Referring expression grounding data
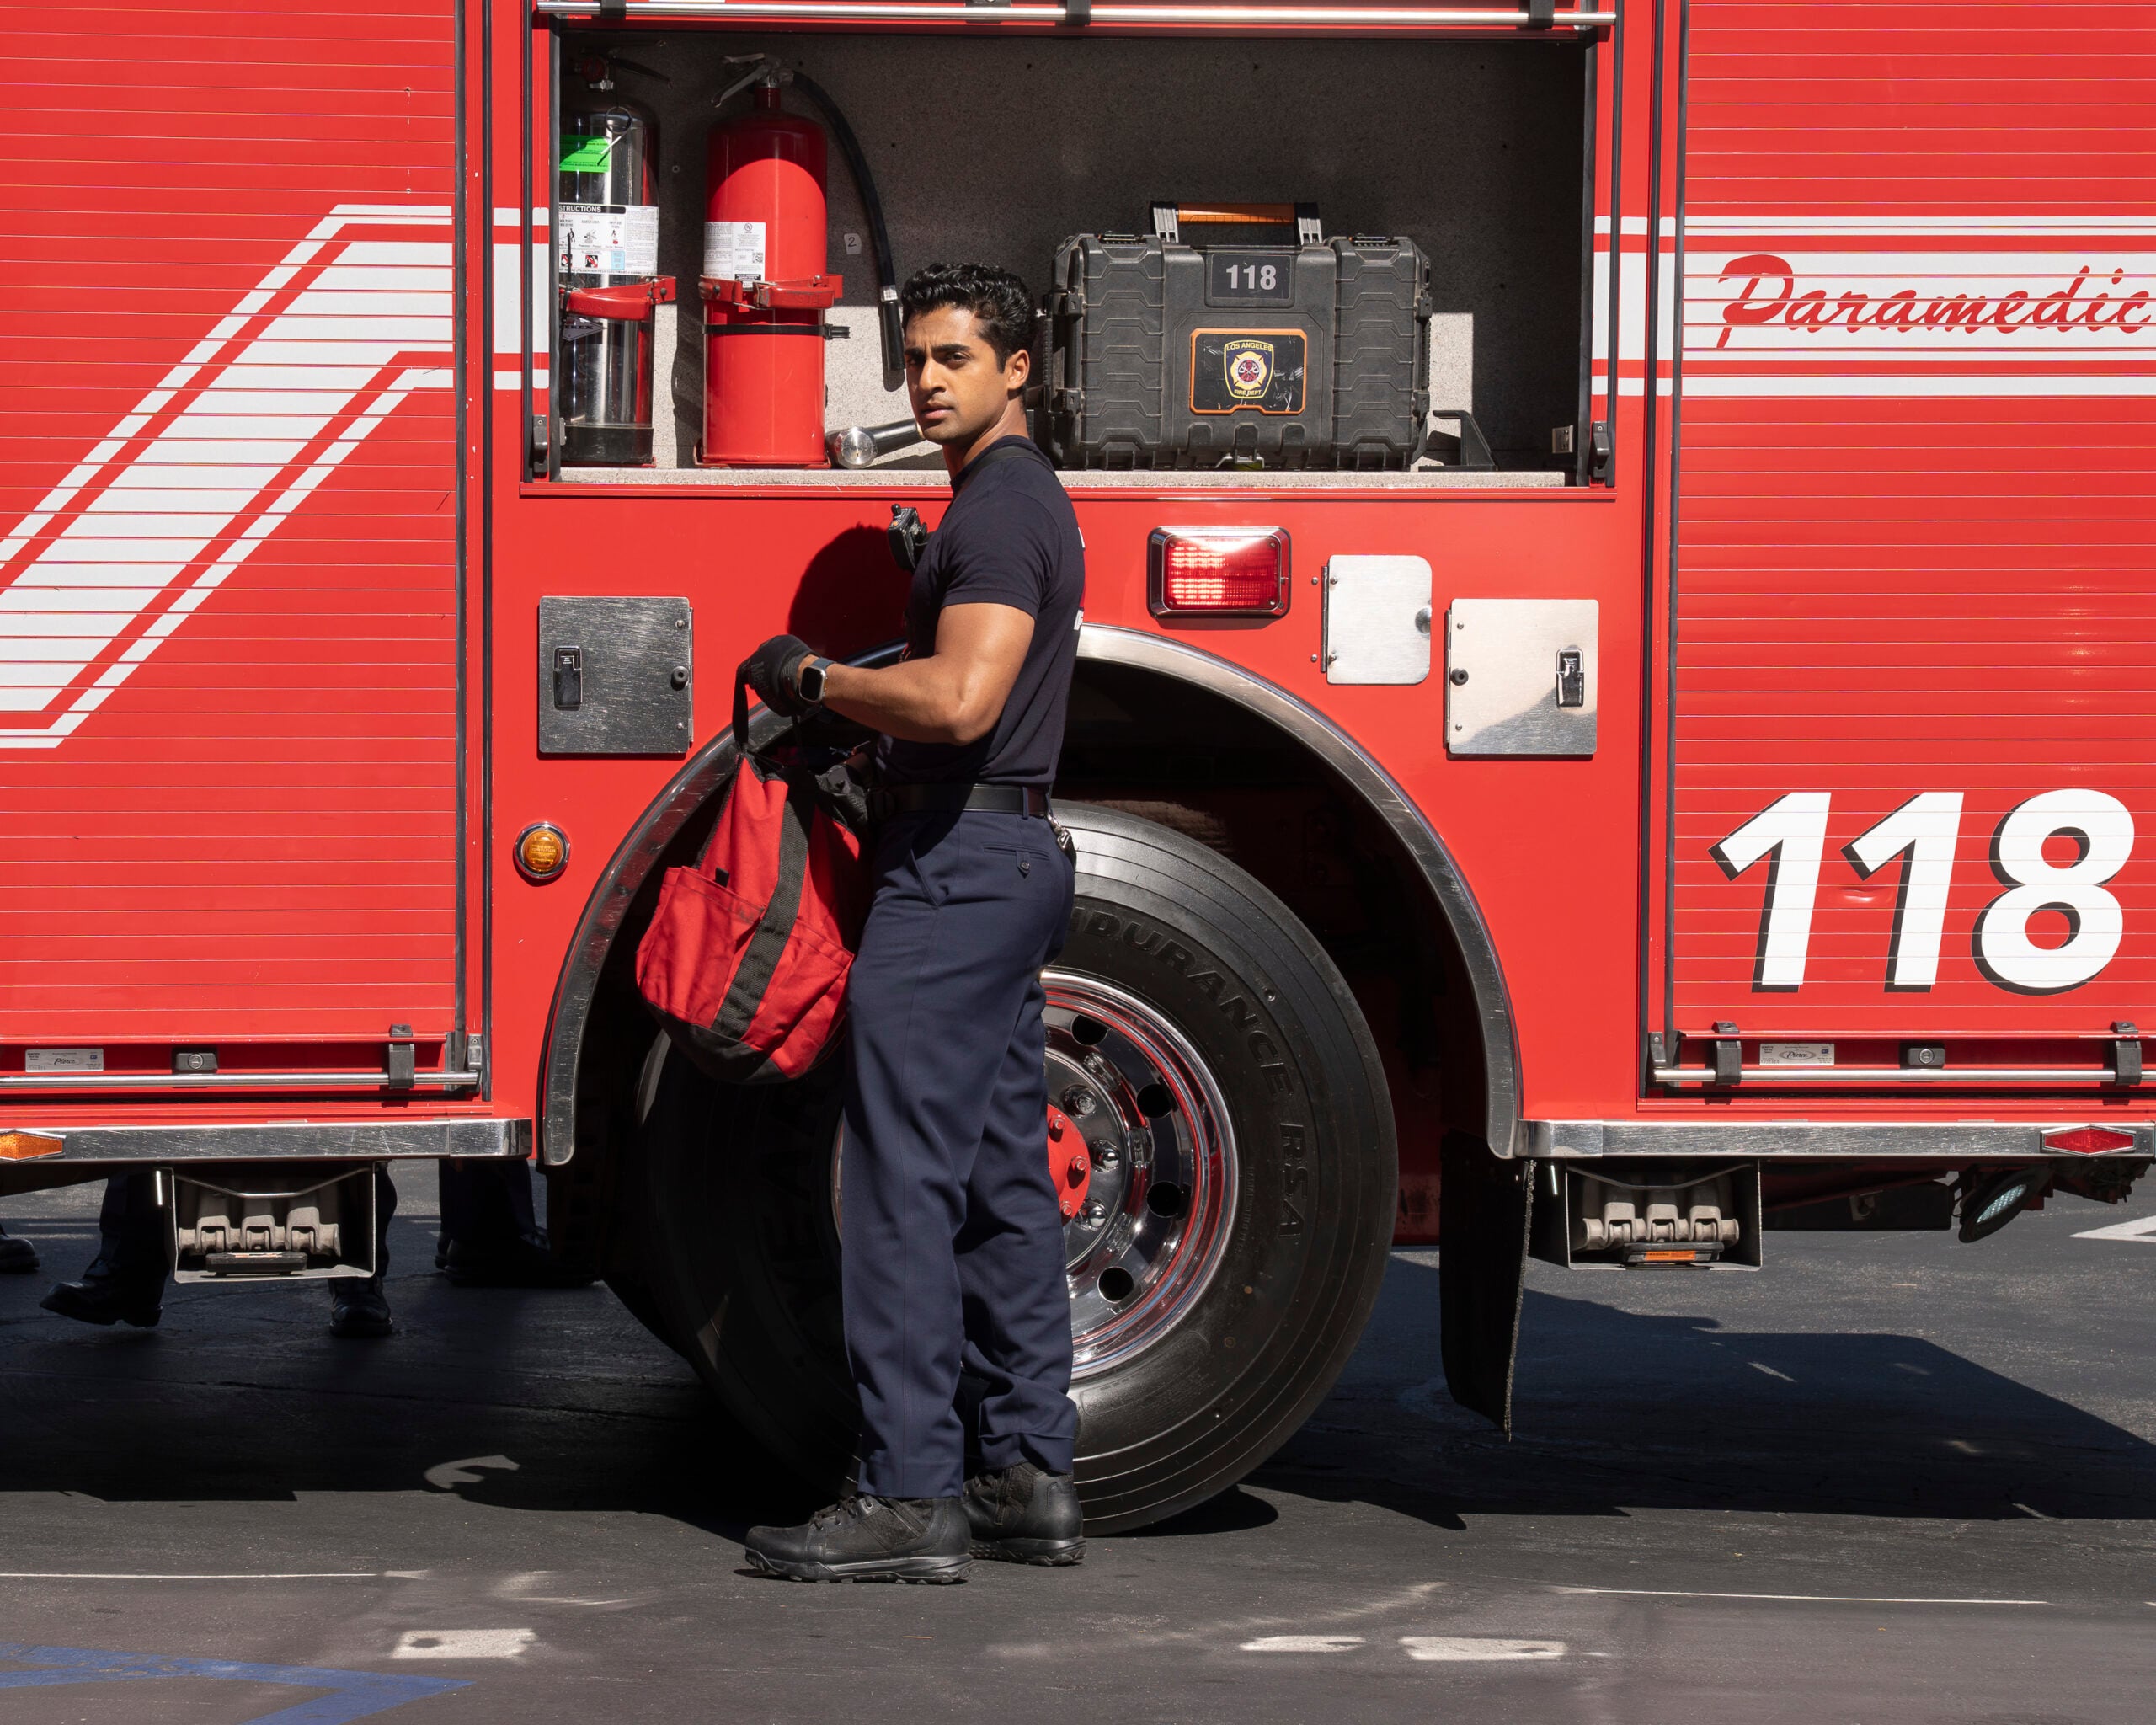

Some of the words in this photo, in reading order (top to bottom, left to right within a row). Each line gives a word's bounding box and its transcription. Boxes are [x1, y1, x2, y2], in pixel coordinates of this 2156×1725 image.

[847, 237, 857, 248] 2
[1225, 264, 1277, 290] 118
[1716, 254, 2151, 349] Paramedic
[1226, 343, 1241, 352] LOS
[1241, 342, 1273, 352] ANGELES
[1708, 788, 2136, 996] 118
[1278, 1122, 1309, 1240] RSA

### THE TASK
Please keep the pictures out and reproduce the records above exactly.

### EXERCISE ANSWER
Some of the words in this photo, in reading order (top to bottom, left to right within a row). Each line gives a word's bounding box and its transcription. Boxes are [x1, y1, x2, y2], in pixel coordinates of this 2156×1725 image.

[847, 237, 857, 248] 2
[1225, 264, 1277, 290] 118
[1716, 254, 2151, 349] Paramedic
[1226, 343, 1241, 352] LOS
[1241, 342, 1273, 352] ANGELES
[1708, 788, 2136, 996] 118
[1278, 1122, 1309, 1240] RSA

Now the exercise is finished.